The subreddit name is an existing label — a free, naturalistic tag that users self-assign by choosing which community to post in.

Train Logistic Regression and Linear SVM classifiers on TF-IDF features using Strategy A (full posts), since labels are post-level.

In [None]:
from sklearn.pipeline import Pipeline
from sklearn.feature_extraction.text import TfidfVectorizer
from sklearn.linear_model import LogisticRegression
from sklearn.svm import LinearSVC
from sklearn.model_selection import train_test_split
from sklearn.metrics import classification_report, f1_score, ConfusionMatrixDisplay

X_train, X_test, y_train, y_test = train_test_split(
    docs_A, labels_A, test_size=0.2, stratify=labels_A, random_state=42
)

results = {}
for name, clf in [('Logistic Regression', LogisticRegression(max_iter=1000, C=1.0)),
                   ('Linear SVM', LinearSVC(max_iter=2000, C=0.5))]:
    pipe = Pipeline([
        ('tfidf', TfidfVectorizer(ngram_range=(1, 2), max_features=50000, sublinear_tf=True)),
        ('clf', clf)
    ])
    pipe.fit(X_train, y_train)
    y_pred = pipe.predict(X_test)
    macro_f1 = f1_score(y_test, y_pred, average='macro')
    results[name] = (pipe, y_pred, macro_f1)
    print(f'\n{"="*50}')
    print(f'Model: {name} | Macro F1: {macro_f1:.3f}')
    print(classification_report(y_test, y_pred))

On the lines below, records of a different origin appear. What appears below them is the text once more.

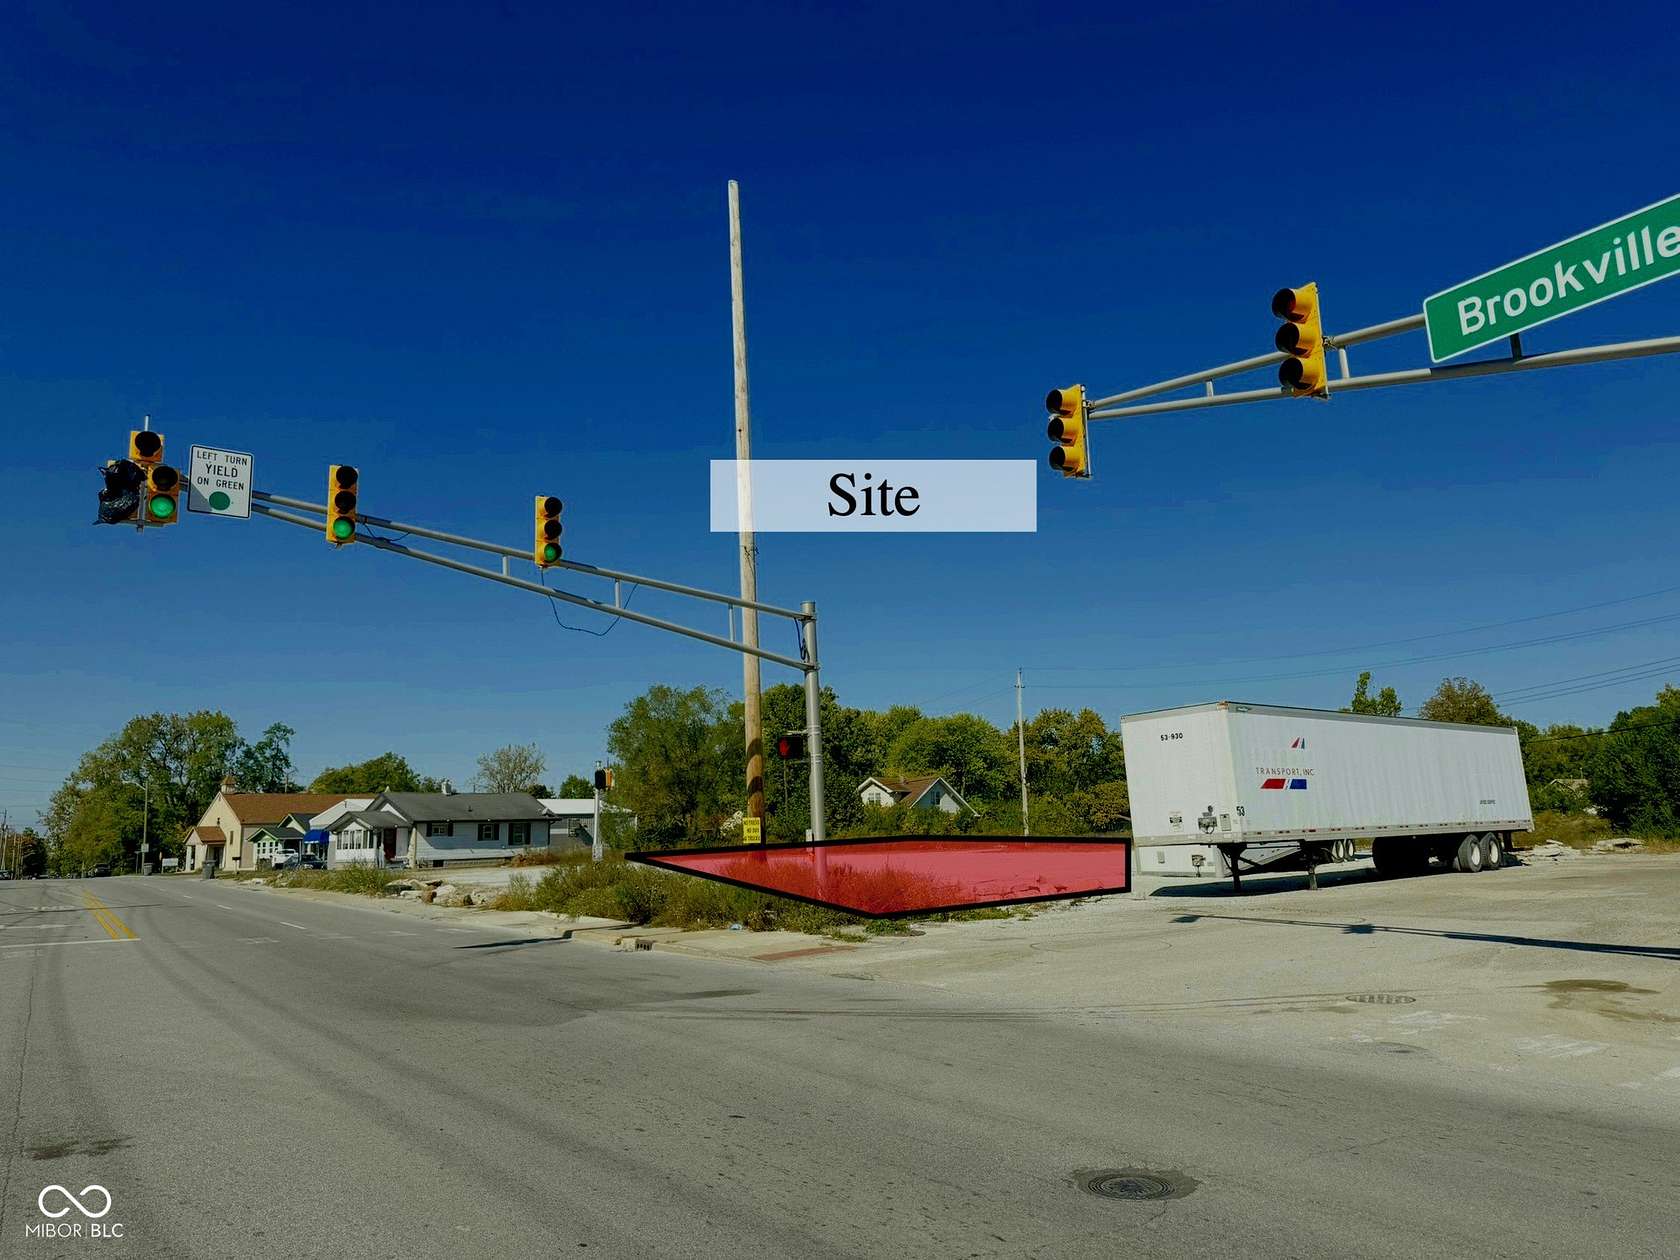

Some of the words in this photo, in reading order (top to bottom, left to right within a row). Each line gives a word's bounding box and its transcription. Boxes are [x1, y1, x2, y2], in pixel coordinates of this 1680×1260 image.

[1457, 225, 1680, 336] Brookville
[196, 450, 218, 461] LEFT
[225, 455, 247, 466] TURN
[206, 463, 238, 478] YIELD
[197, 476, 209, 486] ON
[216, 479, 244, 491] GREEN
[1236, 805, 1245, 817] 53

best_name = max(results, key=lambda k: results[k][2])
best_pipe, best_pred, _ = results[best_name]

fig, ax = plt.subplots(figsize=(6, 5))
ConfusionMatrixDisplay.from_predictions(
    y_test, best_pred, ax=ax, colorbar=False, cmap='Blues', xticks_rotation=30
)
ax.set_title(f'Confusion Matrix — {best_name}', fontsize=12)
plt.tight_layout()
plt.savefig('confusion_matrix.png', dpi=150, bbox_inches='tight')
plt.show()

### Why does the F1 look this way?

- **r/adhd and r/aspergers** tend to score well — neurodevelopmental communities use specific terminology (executive function, masking, stimming) that separates them lexically
- **r/depression and r/ptsd** may show confusion — both share vocabulary around trauma, hopelessness, and sleep disturbance, reflecting real clinical comorbidity
- **r/ocd** has distinctive compulsion/intrusive thought language

Misclassification is substantively meaningful, not just model error.

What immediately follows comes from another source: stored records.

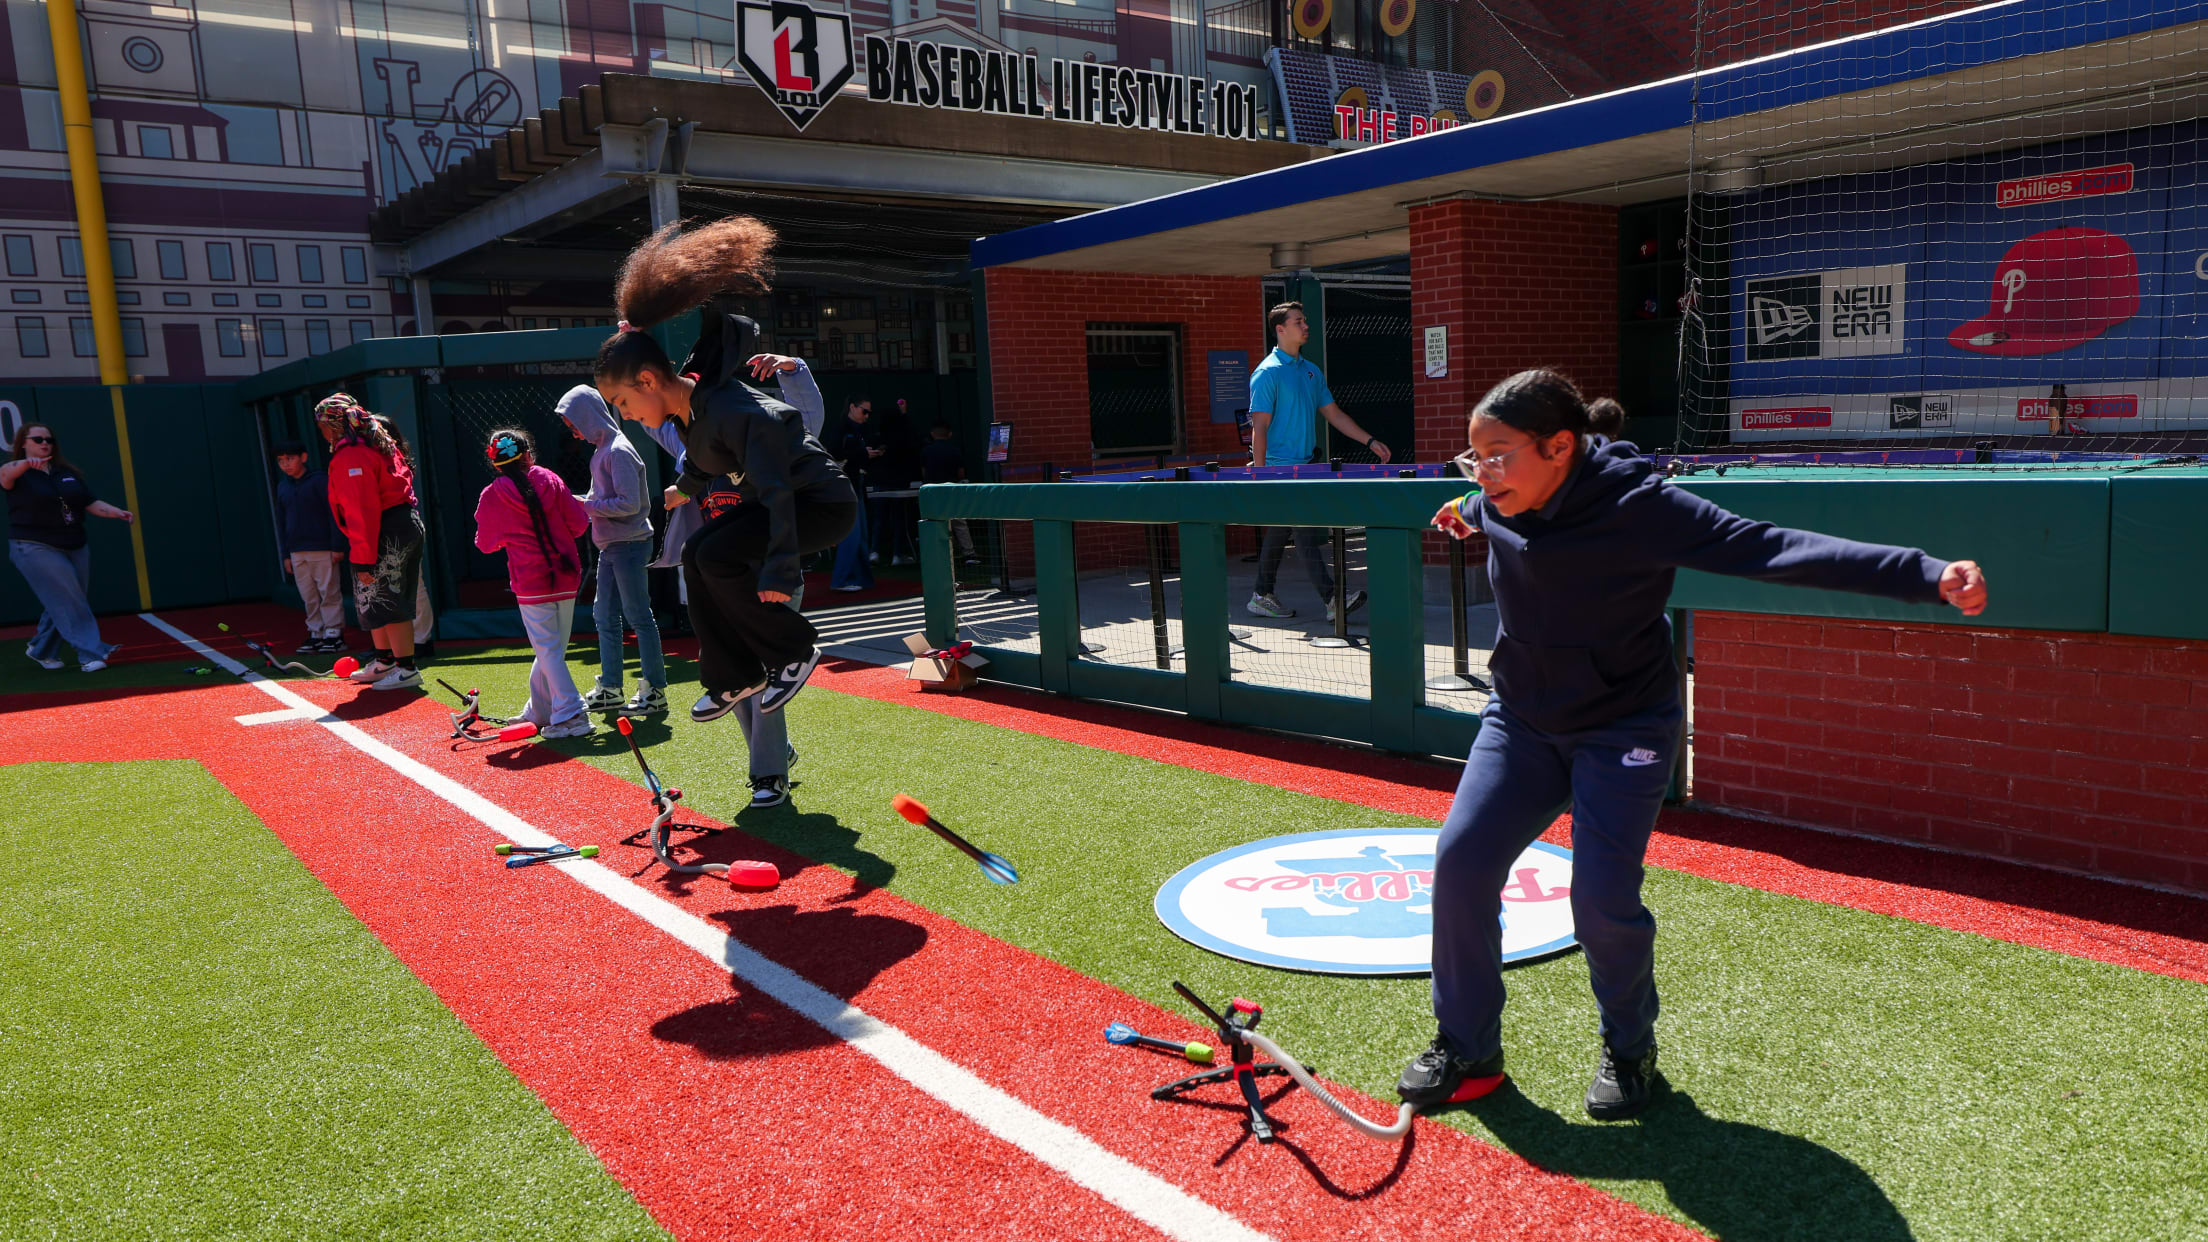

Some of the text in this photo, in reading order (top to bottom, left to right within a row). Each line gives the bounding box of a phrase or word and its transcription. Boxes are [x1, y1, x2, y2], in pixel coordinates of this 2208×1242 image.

[776, 89, 821, 108] 101
[864, 33, 1258, 142] BASEBALL LIFESTYLE 101
[1334, 104, 1398, 144] THE
[2003, 173, 2126, 204] phillies.com
[1833, 285, 1892, 314] NEW
[2002, 268, 2027, 314] P
[1832, 310, 1891, 338] ERA
[1745, 410, 1829, 427] phillies.com
[1924, 412, 1948, 421] ERA
[1925, 402, 1948, 412] NEW
[2022, 401, 2133, 418] phies.com
[1631, 747, 1657, 761] NIKE

## 6. Topic Model 1 — LDA (Gensim)

LDA is a generative probabilistic model that treats each document as a mixture of topics and each topic as a distribution over words. Requires bag-of-words representation.

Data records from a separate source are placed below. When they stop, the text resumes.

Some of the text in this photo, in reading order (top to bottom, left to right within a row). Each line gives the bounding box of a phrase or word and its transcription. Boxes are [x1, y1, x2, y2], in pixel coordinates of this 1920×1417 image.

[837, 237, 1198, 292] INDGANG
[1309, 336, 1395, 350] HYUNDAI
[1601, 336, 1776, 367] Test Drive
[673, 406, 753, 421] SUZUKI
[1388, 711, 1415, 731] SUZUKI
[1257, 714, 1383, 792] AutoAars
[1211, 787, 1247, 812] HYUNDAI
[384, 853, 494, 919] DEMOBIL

Run on both chunking strategies: **A1** (LDA + full posts) and **A2** (LDA + sliding window).

In [None]:
import gensim
from gensim import corpora
from gensim.models import LdaModel, CoherenceModel

def build_lda_inputs(docs):
    tokenized = [d.split() for d in docs]
    dictionary = corpora.Dictionary(tokenized)
    dictionary.filter_extremes(no_below=5, no_above=0.5)
    corpus = [dictionary.doc2bow(t) for t in tokenized]
    return tokenized, dictionary, corpus

def train_lda(docs, n_topics=15, label=''):
    print(f'\nTraining LDA ({label}) — {len(docs):,} docs, {n_topics} topics...')
    tokenized, dictionary, corpus = build_lda_inputs(docs)
    model = LdaModel(
        corpus=corpus,
        id2word=dictionary,
        num_topics=n_topics,
        passes=10,
        alpha='auto',
        eta='auto',
        random_state=42
    )
    cm = CoherenceModel(model=model, texts=tokenized, dictionary=dictionary, coherence='c_v')
    coh = cm.get_coherence()
    print(f'  C_v coherence: {coh:.3f}')
    print('  Top topics:')
    for i, topic in model.print_topics(num_words=8):
        words = [w.split('*')[1].strip().strip('"') for w in topic.split('+')]
        print(f'    Topic {i:2d}: {", ".join(words)}')
    return model, dictionary, corpus, coh, tokenized

# A1: LDA on full posts
lda_A1, dict_A1, corp_A1, coh_A1, tok_A1 = train_lda(docs_A, label='Strategy A — full posts')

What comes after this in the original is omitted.